(PROBLEM STATEMENT): The full listing should be reproduced exactly as it appears.

(MATERIAL SUPPLIED):
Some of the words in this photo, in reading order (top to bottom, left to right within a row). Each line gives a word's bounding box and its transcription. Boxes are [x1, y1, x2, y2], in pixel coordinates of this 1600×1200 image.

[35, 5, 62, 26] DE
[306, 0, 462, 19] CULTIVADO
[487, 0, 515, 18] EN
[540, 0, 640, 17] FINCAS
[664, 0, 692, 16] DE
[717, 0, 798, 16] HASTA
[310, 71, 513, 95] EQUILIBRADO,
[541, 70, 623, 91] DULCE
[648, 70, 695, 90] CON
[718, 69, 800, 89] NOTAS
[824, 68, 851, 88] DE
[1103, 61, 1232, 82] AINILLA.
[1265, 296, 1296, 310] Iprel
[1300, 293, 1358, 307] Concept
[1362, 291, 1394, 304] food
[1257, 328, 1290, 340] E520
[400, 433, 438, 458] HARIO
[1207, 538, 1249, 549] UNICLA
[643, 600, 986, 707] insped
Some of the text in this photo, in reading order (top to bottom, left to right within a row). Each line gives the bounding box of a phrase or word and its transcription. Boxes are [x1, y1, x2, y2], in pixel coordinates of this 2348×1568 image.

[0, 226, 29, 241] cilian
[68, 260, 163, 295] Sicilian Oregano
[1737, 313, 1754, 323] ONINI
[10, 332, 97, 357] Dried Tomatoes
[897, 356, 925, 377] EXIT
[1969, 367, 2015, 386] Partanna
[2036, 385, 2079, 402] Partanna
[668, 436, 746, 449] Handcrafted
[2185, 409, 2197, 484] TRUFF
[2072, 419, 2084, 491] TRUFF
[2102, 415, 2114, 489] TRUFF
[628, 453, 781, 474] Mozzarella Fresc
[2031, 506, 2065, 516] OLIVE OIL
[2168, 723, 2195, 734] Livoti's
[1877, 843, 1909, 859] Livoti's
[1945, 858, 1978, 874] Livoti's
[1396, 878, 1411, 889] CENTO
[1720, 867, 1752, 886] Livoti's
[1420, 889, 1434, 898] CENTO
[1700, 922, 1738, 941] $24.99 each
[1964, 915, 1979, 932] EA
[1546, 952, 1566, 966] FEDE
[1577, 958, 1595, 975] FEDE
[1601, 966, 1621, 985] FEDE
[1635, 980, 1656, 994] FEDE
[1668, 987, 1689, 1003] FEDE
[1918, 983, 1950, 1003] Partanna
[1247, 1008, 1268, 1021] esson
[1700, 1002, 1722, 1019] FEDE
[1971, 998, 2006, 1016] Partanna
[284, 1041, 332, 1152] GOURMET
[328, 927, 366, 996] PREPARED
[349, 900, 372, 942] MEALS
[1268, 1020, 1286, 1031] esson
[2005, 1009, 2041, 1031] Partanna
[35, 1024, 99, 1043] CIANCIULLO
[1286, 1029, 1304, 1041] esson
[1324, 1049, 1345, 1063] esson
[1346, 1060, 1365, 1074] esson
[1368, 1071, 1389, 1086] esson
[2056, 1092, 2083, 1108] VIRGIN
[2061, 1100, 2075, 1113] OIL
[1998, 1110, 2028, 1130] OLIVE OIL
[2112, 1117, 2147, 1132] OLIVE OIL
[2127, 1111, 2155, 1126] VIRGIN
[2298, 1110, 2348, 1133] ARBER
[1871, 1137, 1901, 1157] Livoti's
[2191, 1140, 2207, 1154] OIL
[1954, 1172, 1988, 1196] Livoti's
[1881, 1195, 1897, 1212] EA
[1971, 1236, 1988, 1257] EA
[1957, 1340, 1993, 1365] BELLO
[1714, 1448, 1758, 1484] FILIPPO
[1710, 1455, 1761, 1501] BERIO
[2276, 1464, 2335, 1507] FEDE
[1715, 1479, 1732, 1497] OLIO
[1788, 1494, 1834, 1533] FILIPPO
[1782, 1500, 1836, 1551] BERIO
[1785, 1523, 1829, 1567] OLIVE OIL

(REPLY TO THE TASK):
Some of the words in this photo, in reading order (top to bottom, left to right within a row). Each line gives a word's bounding box and its transcription. Boxes are [x1, y1, x2, y2], in pixel coordinates of this 1600×1200 image.

[35, 5, 62, 26] DE
[306, 0, 462, 19] CULTIVADO
[487, 0, 515, 18] EN
[540, 0, 640, 17] FINCAS
[664, 0, 692, 16] DE
[717, 0, 798, 16] HASTA
[310, 71, 513, 95] EQUILIBRADO,
[541, 70, 623, 91] DULCE
[648, 70, 695, 90] CON
[718, 69, 800, 89] NOTAS
[824, 68, 851, 88] DE
[1103, 61, 1232, 82] AINILLA.
[1265, 296, 1296, 310] Iprel
[1300, 293, 1358, 307] Concept
[1362, 291, 1394, 304] food
[1257, 328, 1290, 340] E520
[400, 433, 438, 458] HARIO
[1207, 538, 1249, 549] UNICLA
[643, 600, 986, 707] insped
Some of the text in this photo, in reading order (top to bottom, left to right within a row). Each line gives the bounding box of a phrase or word and its transcription. Boxes are [x1, y1, x2, y2], in pixel coordinates of this 2348×1568 image.

[0, 226, 29, 241] cilian
[68, 260, 163, 295] Sicilian Oregano
[1737, 313, 1754, 323] ONINI
[10, 332, 97, 357] Dried Tomatoes
[897, 356, 925, 377] EXIT
[1969, 367, 2015, 386] Partanna
[2036, 385, 2079, 402] Partanna
[668, 436, 746, 449] Handcrafted
[2185, 409, 2197, 484] TRUFF
[2072, 419, 2084, 491] TRUFF
[2102, 415, 2114, 489] TRUFF
[628, 453, 781, 474] Mozzarella Fresc
[2031, 506, 2065, 516] OLIVE OIL
[2168, 723, 2195, 734] Livoti's
[1877, 843, 1909, 859] Livoti's
[1945, 858, 1978, 874] Livoti's
[1396, 878, 1411, 889] CENTO
[1720, 867, 1752, 886] Livoti's
[1420, 889, 1434, 898] CENTO
[1700, 922, 1738, 941] $24.99 each
[1964, 915, 1979, 932] EA
[1546, 952, 1566, 966] FEDE
[1577, 958, 1595, 975] FEDE
[1601, 966, 1621, 985] FEDE
[1635, 980, 1656, 994] FEDE
[1668, 987, 1689, 1003] FEDE
[1918, 983, 1950, 1003] Partanna
[1247, 1008, 1268, 1021] esson
[1700, 1002, 1722, 1019] FEDE
[1971, 998, 2006, 1016] Partanna
[284, 1041, 332, 1152] GOURMET
[328, 927, 366, 996] PREPARED
[349, 900, 372, 942] MEALS
[1268, 1020, 1286, 1031] esson
[2005, 1009, 2041, 1031] Partanna
[35, 1024, 99, 1043] CIANCIULLO
[1286, 1029, 1304, 1041] esson
[1324, 1049, 1345, 1063] esson
[1346, 1060, 1365, 1074] esson
[1368, 1071, 1389, 1086] esson
[2056, 1092, 2083, 1108] VIRGIN
[2061, 1100, 2075, 1113] OIL
[1998, 1110, 2028, 1130] OLIVE OIL
[2112, 1117, 2147, 1132] OLIVE OIL
[2127, 1111, 2155, 1126] VIRGIN
[2298, 1110, 2348, 1133] ARBER
[1871, 1137, 1901, 1157] Livoti's
[2191, 1140, 2207, 1154] OIL
[1954, 1172, 1988, 1196] Livoti's
[1881, 1195, 1897, 1212] EA
[1971, 1236, 1988, 1257] EA
[1957, 1340, 1993, 1365] BELLO
[1714, 1448, 1758, 1484] FILIPPO
[1710, 1455, 1761, 1501] BERIO
[2276, 1464, 2335, 1507] FEDE
[1715, 1479, 1732, 1497] OLIO
[1788, 1494, 1834, 1533] FILIPPO
[1782, 1500, 1836, 1551] BERIO
[1785, 1523, 1829, 1567] OLIVE OIL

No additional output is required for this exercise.